▶ Your task
Could you retype all of the entries exactly, without their pictures?

· · ·

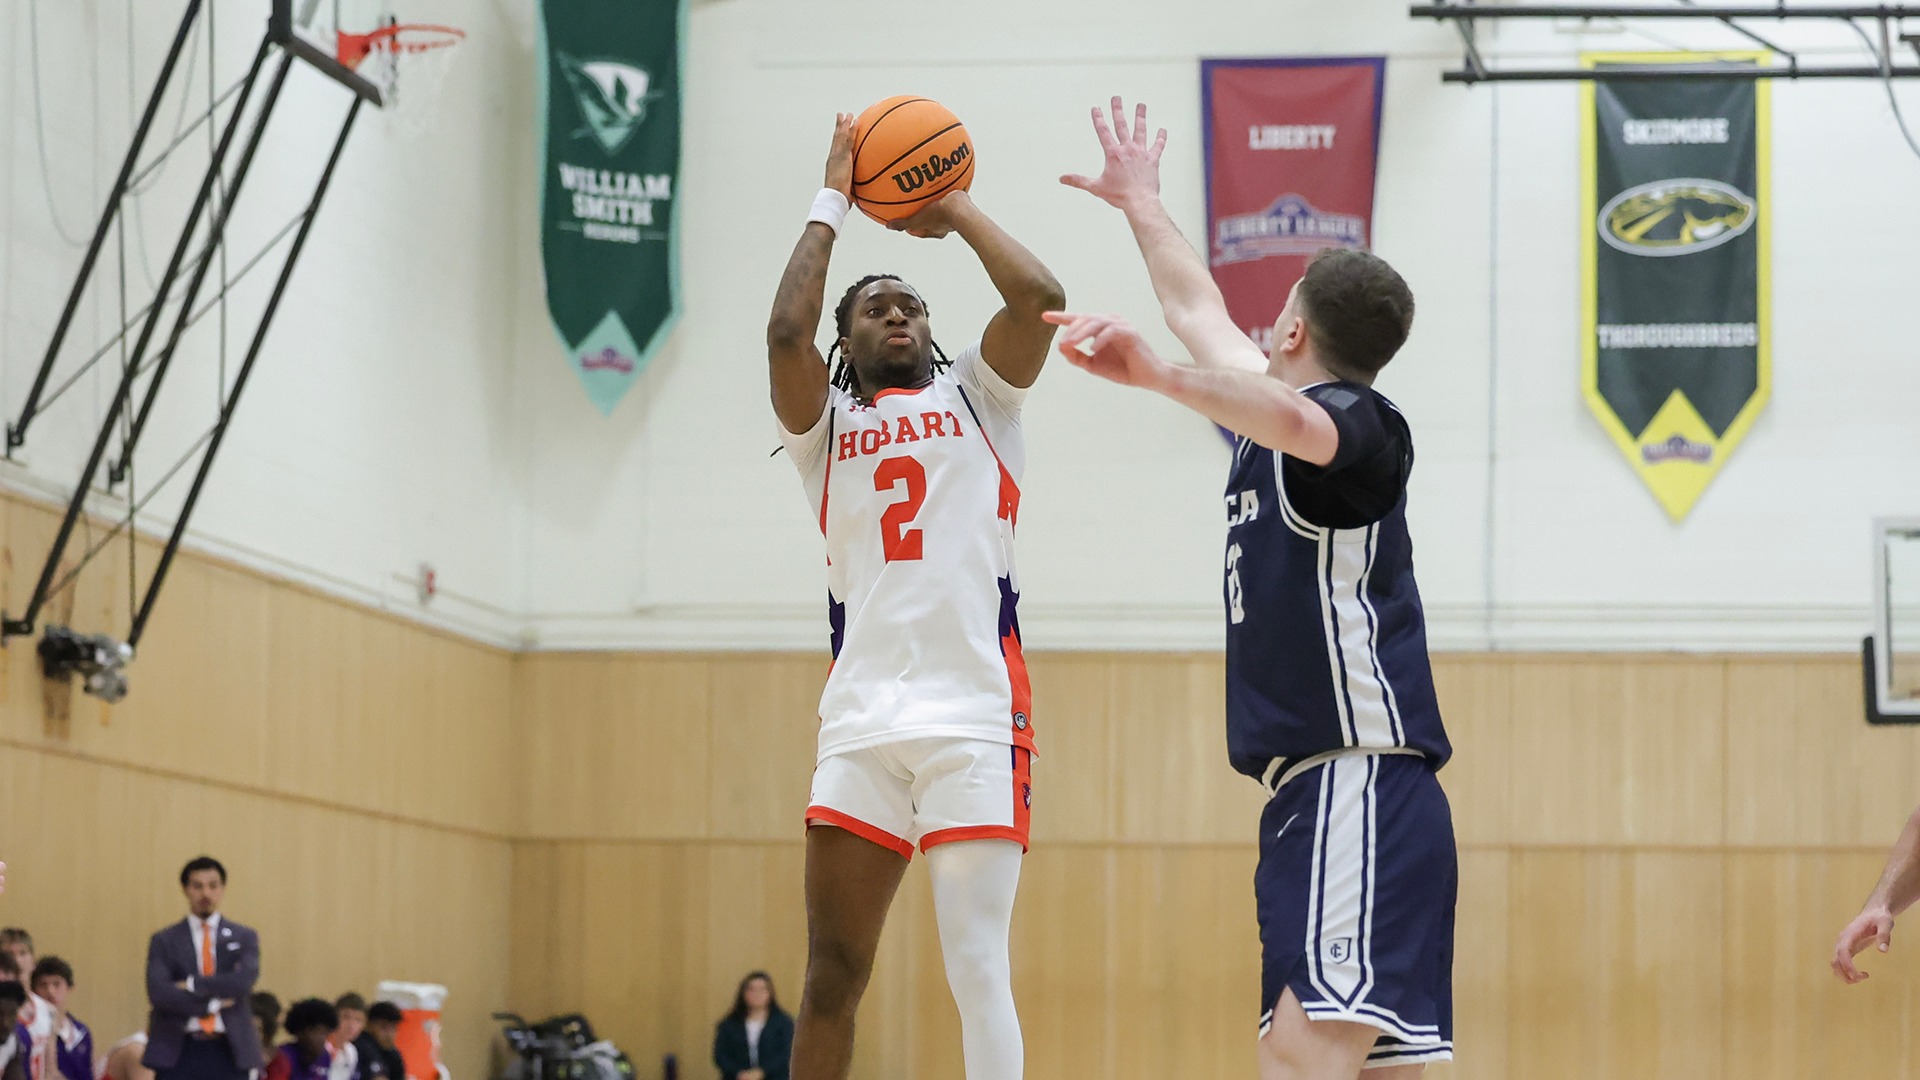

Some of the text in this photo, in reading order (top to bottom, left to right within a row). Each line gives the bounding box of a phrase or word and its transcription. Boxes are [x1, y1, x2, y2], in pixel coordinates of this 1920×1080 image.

[1248, 124, 1336, 150] LIBERTY
[1623, 118, 1729, 144] SKIDMORE
[559, 162, 671, 201] WILLIAM
[892, 142, 970, 193] Wilson
[572, 192, 653, 225] SMITH
[1597, 322, 1758, 348] THOROUGHBREDS
[838, 411, 963, 462] HOBART
[873, 455, 927, 565] 2
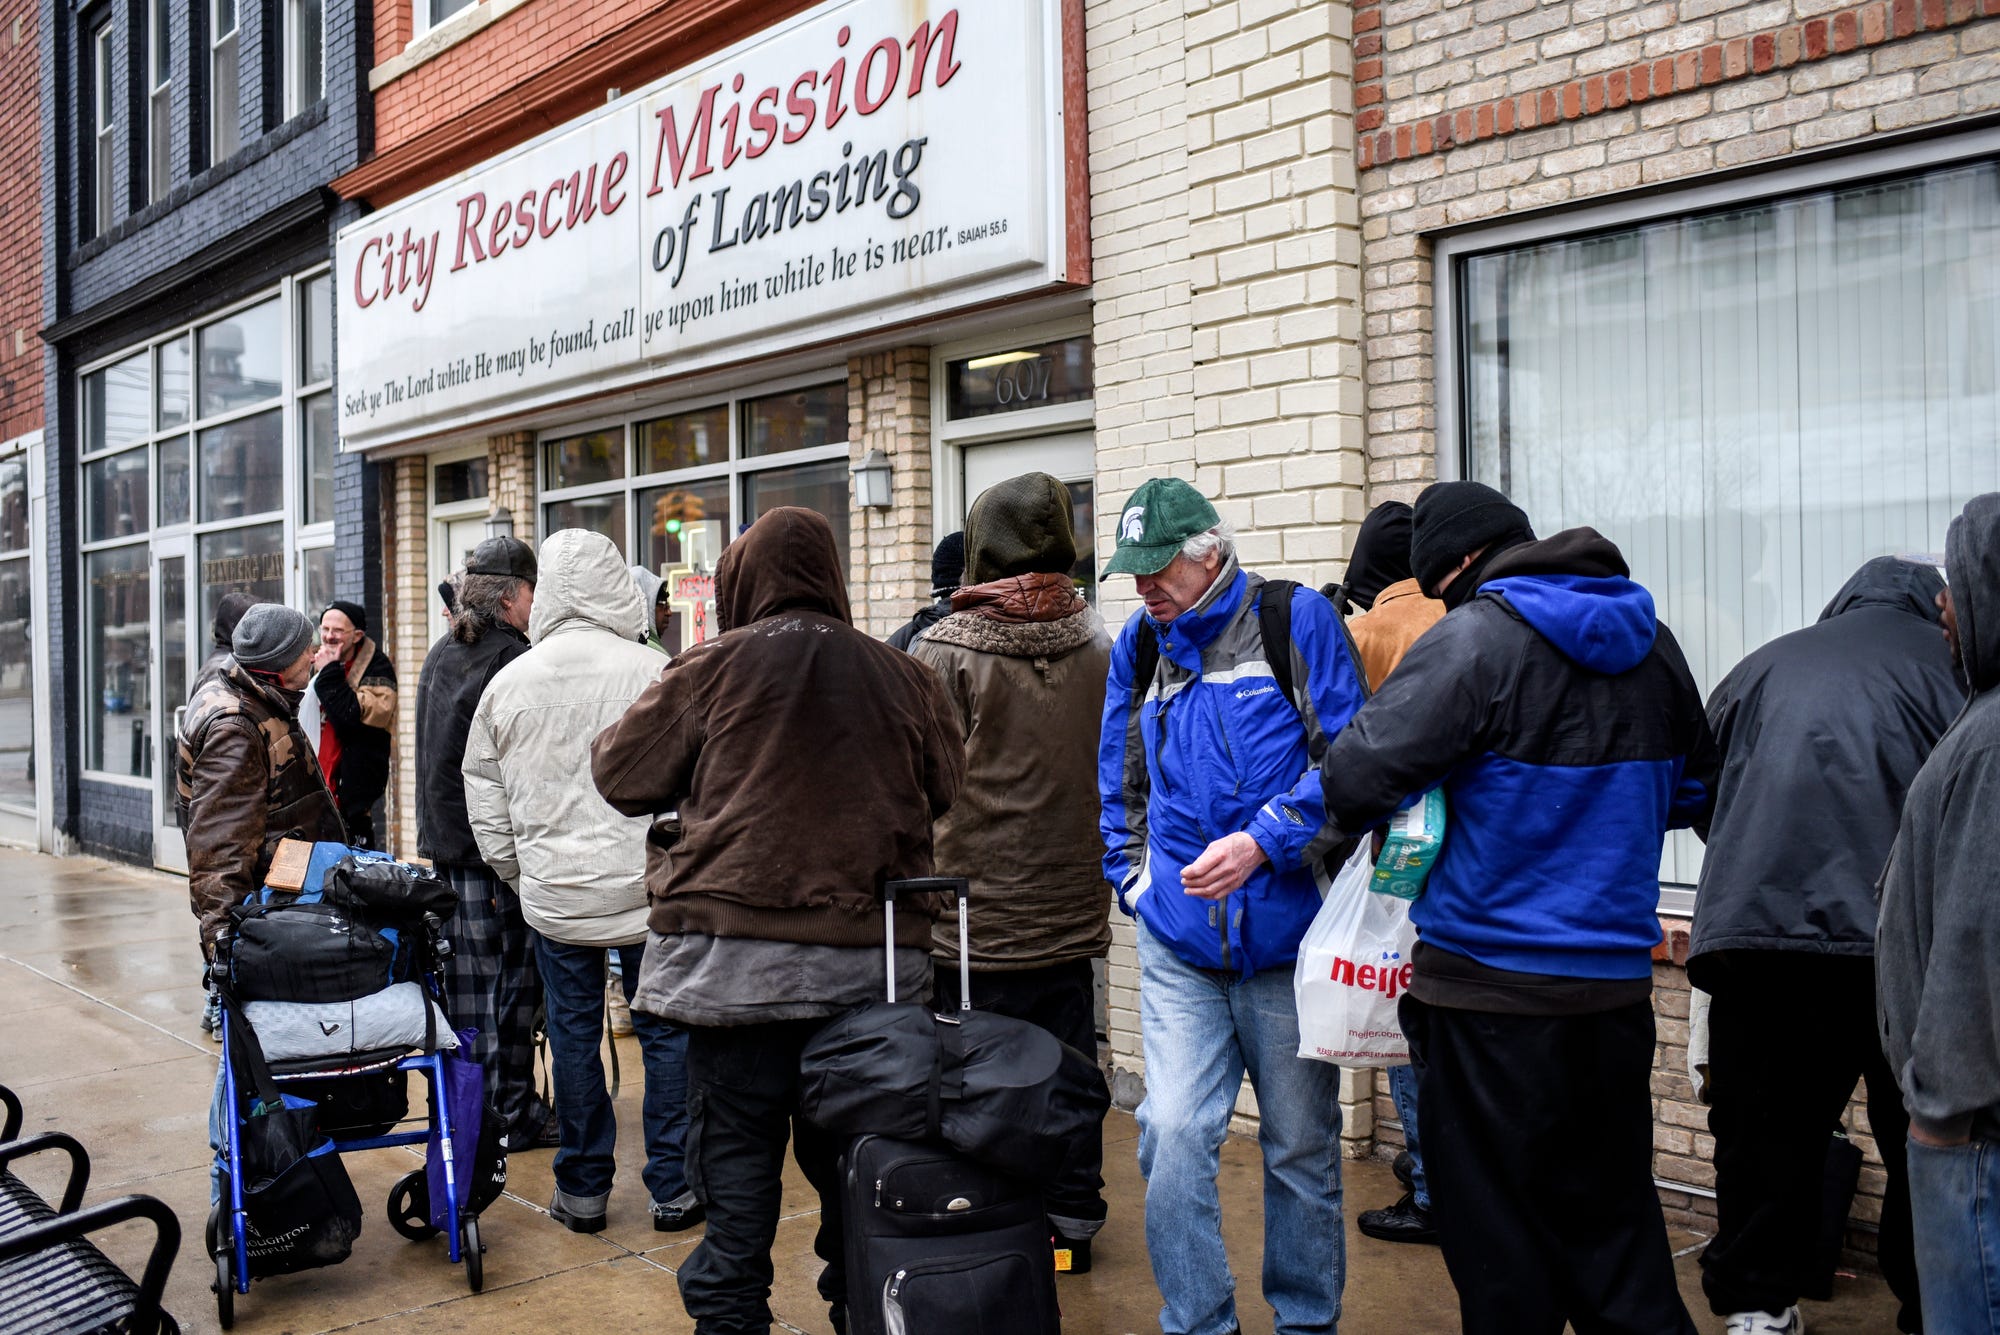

· · ·

▶ Exercise output
Some of the text in this photo, in reading order (top to bottom, left to right within a row). Each line gives the bounding box of a phrase or word and its transcription. Boxes are [x1, y1, x2, y2], in pixel coordinates of this 1920×1080 image.

[1248, 124, 1336, 150] LIBERTY
[1623, 118, 1729, 144] SKIDMORE
[559, 162, 671, 201] WILLIAM
[892, 142, 970, 193] Wilson
[572, 192, 653, 225] SMITH
[1597, 322, 1758, 348] THOROUGHBREDS
[838, 411, 963, 462] HOBART
[873, 455, 927, 565] 2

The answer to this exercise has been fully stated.